Snapshot tracks updates to persistent data by instrumenting each STORE in the target application with a call to the logging function (instrumentation). During runtime, the instrumentation takes the STORE's address as its argument, checks if the STORE is to a persistent file, and logs the destination memory location to an undo log.

Logging and Recovery. Snapshot's undo log lives on persistent media to enable recovery from crashes during an msync() call. When an application calls msync(), Snapshot reads the addresses from the undo log entries and copies all modified locations from DRAM to the backing media. The call to msync() only returns when all the modified locations are durable. If the system crashes while copying the persistent data, on restart, Snapshot uses its undo-log to undo any changes that might have partially persisted.

While Snapshot maintains per-thread logs, calls to msync() persist data from all threads that have modified data in the memory range. Snapshot maintains a thread-local log to keep track of modified locations and their original values. Snapshot provides limited crash-consistency guarantees for multithreading, similar to PM transactional libraries like PMDK. For example, PMDK prohibits programmers from modifying shared data from two threads in a single transaction. Similarly,

in Snapshot, the program should not modify a shared location from two threads between two consecutive msync()s.

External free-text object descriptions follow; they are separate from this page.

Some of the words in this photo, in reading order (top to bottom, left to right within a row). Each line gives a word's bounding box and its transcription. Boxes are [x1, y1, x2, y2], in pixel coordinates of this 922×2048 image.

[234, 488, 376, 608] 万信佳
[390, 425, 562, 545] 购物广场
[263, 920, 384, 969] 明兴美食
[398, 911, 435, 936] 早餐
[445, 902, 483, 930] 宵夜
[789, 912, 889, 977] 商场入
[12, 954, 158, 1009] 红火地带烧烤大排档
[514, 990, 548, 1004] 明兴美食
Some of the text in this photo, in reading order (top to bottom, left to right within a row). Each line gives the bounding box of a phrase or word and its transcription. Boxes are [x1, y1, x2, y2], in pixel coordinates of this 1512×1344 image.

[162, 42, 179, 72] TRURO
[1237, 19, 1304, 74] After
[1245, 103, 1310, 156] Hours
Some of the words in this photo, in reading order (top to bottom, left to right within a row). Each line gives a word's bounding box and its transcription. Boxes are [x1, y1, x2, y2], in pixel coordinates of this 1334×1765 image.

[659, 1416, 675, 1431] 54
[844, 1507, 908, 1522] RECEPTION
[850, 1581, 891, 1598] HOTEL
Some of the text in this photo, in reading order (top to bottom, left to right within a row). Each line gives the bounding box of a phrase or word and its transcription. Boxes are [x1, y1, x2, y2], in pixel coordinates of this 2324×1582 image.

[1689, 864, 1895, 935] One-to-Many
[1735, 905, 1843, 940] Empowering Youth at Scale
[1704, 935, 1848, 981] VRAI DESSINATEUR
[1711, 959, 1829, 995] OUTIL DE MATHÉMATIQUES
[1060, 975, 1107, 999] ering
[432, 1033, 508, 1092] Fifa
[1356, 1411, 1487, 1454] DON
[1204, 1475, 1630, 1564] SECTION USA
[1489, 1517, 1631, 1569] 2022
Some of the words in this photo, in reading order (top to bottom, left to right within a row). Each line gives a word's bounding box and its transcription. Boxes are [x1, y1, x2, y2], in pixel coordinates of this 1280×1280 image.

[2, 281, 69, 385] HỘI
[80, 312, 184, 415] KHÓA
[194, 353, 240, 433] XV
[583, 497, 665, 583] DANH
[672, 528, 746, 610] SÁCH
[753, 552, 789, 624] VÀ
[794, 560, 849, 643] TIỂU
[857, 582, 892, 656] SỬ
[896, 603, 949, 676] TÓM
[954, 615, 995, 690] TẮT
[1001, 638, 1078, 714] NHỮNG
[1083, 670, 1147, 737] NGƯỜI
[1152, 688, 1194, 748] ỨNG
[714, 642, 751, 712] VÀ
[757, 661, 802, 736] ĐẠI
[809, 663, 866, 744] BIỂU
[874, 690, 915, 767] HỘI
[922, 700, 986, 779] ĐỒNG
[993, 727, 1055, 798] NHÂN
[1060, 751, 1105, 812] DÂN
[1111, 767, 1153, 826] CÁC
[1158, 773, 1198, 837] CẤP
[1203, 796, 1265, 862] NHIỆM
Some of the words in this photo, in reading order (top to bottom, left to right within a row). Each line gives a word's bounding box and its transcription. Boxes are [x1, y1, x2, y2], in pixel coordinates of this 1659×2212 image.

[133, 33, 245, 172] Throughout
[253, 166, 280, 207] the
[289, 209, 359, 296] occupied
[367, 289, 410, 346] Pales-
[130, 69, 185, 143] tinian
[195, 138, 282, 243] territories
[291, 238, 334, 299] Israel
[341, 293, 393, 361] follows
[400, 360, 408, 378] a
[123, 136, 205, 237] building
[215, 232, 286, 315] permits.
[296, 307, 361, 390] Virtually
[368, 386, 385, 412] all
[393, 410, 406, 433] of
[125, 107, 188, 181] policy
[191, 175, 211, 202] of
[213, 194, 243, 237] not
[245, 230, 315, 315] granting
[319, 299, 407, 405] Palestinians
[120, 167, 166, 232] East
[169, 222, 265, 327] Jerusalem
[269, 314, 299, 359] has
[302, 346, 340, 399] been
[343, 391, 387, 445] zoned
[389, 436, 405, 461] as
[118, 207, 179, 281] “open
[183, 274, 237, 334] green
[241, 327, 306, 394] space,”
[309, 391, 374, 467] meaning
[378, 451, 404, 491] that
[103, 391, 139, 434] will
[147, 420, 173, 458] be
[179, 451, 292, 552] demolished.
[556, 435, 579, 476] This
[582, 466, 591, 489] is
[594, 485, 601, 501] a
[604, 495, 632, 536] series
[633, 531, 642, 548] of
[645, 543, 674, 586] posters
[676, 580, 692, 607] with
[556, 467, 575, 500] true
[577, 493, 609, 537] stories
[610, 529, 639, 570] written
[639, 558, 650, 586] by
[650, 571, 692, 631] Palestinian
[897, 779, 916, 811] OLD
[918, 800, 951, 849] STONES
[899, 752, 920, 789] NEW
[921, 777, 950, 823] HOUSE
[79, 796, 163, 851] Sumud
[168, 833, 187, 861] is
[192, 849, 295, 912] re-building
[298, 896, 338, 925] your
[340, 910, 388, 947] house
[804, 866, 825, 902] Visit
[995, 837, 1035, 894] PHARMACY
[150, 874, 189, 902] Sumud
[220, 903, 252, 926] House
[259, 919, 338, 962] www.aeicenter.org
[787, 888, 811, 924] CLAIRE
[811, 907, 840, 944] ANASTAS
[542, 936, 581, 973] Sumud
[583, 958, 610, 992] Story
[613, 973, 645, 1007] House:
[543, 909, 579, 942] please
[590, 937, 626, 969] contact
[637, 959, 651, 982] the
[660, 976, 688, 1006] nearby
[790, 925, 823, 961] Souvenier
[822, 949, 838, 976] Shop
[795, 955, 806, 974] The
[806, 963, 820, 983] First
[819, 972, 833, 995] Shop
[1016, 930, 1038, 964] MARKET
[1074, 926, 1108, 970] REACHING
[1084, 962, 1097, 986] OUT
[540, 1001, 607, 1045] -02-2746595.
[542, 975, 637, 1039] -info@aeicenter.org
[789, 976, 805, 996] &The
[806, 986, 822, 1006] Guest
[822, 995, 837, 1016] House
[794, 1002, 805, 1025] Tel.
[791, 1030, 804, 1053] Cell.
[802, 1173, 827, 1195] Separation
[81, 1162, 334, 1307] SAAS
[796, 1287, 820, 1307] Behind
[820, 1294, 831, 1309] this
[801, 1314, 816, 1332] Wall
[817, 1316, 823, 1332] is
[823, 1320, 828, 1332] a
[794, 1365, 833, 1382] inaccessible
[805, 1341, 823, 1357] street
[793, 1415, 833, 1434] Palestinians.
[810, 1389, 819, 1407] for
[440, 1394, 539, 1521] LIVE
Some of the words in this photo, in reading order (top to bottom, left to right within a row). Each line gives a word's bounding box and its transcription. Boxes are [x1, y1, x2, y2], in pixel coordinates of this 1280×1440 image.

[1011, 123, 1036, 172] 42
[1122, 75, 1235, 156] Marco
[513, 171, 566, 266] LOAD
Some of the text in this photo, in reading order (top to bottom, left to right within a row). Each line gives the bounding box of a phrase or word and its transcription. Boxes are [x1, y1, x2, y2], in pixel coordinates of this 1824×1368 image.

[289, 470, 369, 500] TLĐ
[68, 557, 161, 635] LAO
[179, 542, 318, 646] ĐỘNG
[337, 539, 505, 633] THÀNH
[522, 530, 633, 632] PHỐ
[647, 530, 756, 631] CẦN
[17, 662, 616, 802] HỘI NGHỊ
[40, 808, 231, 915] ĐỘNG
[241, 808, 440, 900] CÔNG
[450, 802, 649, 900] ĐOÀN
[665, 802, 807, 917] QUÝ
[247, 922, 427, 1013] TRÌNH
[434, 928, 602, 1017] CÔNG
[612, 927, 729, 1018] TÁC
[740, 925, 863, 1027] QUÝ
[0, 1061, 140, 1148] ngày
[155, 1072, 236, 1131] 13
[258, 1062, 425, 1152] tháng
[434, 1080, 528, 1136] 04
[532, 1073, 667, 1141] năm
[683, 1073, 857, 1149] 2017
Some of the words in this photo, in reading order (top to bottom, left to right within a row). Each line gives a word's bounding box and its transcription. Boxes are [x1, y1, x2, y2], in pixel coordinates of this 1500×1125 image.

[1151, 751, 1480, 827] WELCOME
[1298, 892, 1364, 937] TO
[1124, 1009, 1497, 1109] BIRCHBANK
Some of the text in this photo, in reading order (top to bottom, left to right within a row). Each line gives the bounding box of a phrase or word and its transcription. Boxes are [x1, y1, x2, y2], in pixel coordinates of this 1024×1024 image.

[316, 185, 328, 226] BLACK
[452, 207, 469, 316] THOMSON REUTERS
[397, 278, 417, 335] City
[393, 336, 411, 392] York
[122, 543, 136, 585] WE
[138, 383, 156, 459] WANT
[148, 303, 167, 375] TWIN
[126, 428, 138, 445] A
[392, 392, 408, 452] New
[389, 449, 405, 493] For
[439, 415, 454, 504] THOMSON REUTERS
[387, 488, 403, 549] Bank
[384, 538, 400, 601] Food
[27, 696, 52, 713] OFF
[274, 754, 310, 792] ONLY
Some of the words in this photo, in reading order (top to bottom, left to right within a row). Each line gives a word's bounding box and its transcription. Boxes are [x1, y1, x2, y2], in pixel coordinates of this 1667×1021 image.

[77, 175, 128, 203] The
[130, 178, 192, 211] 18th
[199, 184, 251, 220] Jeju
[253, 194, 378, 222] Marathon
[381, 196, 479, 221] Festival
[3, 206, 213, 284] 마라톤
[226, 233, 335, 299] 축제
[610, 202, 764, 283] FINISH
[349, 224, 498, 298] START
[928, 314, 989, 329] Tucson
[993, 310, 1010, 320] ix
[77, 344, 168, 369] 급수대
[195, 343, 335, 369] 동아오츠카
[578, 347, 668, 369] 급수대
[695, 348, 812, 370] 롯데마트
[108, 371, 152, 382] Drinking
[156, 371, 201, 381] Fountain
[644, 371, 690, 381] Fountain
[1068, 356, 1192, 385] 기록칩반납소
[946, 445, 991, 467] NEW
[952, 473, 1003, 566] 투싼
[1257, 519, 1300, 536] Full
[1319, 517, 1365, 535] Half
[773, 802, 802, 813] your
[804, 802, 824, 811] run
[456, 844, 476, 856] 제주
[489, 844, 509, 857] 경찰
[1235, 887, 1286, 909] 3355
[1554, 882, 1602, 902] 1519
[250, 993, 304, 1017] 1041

Log Format. Logs in Snapshot are per-thread and store only the minimal amount of information needed to undo an interrupted msync(). Logs hold their current state, that is, whether a log holds a valid value. The log also maintains a tail that points to the next free log entry and the size of the log for use during recovery. Each log entry in the log is of variable length. The log entry consists of the address, its size in bytes, and the original value at the address.

While Snapshot tracks all store operations to the memory-mapped region, POSIX calls such as memcpy(), and memmove() are not instrumented as they are part of the OS-provided libraries. To solve this, libsnapshot wraps the calls to memcpy(), memmove(), and memset() to log them directly and then calls the corresponding OS-provided function. While Snapshot catches some of these functions, applications relying on other functions, e.g., strtok(), would need to recompile standard libraries (glibc, muslc, etc.) with Snapshot to be crash-consistent.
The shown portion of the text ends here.